## [Required work]
Each line of the records must appear in your answer exactly, with no pictures.

## [Records for the task]
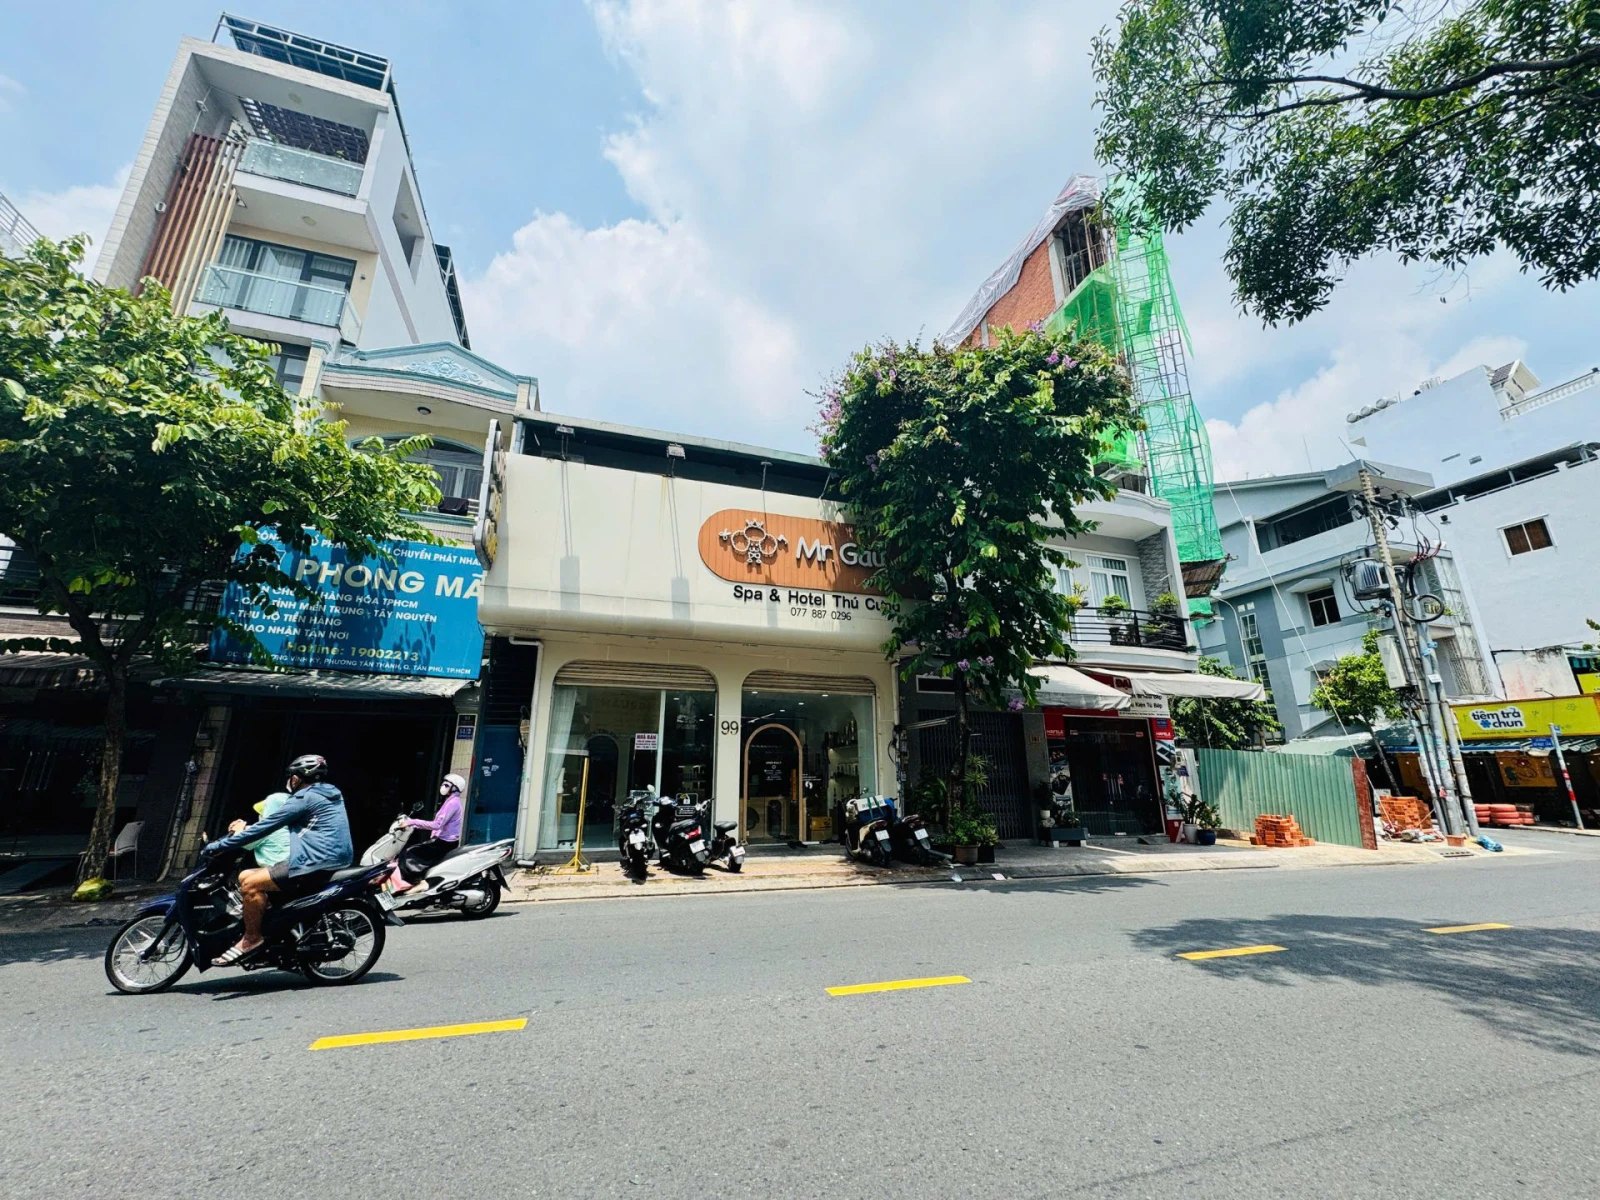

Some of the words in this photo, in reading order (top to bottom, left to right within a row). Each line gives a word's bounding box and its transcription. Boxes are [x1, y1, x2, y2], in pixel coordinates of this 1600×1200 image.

[393, 547, 431, 561] CHUYỂN
[433, 552, 457, 563] PHÁT
[459, 556, 481, 567] NHA
[796, 536, 835, 564] Mr.
[295, 559, 425, 594] PHONG
[320, 592, 352, 602] HÀNG
[382, 597, 418, 609] TPHCM
[733, 585, 763, 603] Spa
[769, 588, 781, 602] &
[788, 590, 826, 608] Hotel
[832, 594, 859, 610] Thú
[238, 609, 260, 619] THU
[309, 616, 342, 627] HÀNG
[329, 605, 365, 616] TRUNG
[373, 608, 393, 619] TÂY
[395, 612, 438, 623] NGUYÊN
[790, 606, 807, 617] 077
[811, 609, 827, 619] 887
[831, 611, 852, 621] 0296
[286, 642, 345, 656] Hotline:
[350, 647, 419, 661] 19002213
[721, 720, 739, 735] 99
[1492, 712, 1524, 728] chun

## [Your solution]
Some of the words in this photo, in reading order (top to bottom, left to right within a row). Each line gives a word's bounding box and its transcription. Boxes are [x1, y1, x2, y2], in pixel coordinates of this 1600×1200 image.

[393, 547, 431, 561] CHUYỂN
[433, 552, 457, 563] PHÁT
[459, 556, 481, 567] NHA
[796, 536, 835, 564] Mr.
[295, 559, 425, 594] PHONG
[320, 592, 352, 602] HÀNG
[382, 597, 418, 609] TPHCM
[733, 585, 763, 603] Spa
[769, 588, 781, 602] &
[788, 590, 826, 608] Hotel
[832, 594, 859, 610] Thú
[238, 609, 260, 619] THU
[309, 616, 342, 627] HÀNG
[329, 605, 365, 616] TRUNG
[373, 608, 393, 619] TÂY
[395, 612, 438, 623] NGUYÊN
[790, 606, 807, 617] 077
[811, 609, 827, 619] 887
[831, 611, 852, 621] 0296
[286, 642, 345, 656] Hotline:
[350, 647, 419, 661] 19002213
[721, 720, 739, 735] 99
[1492, 712, 1524, 728] chun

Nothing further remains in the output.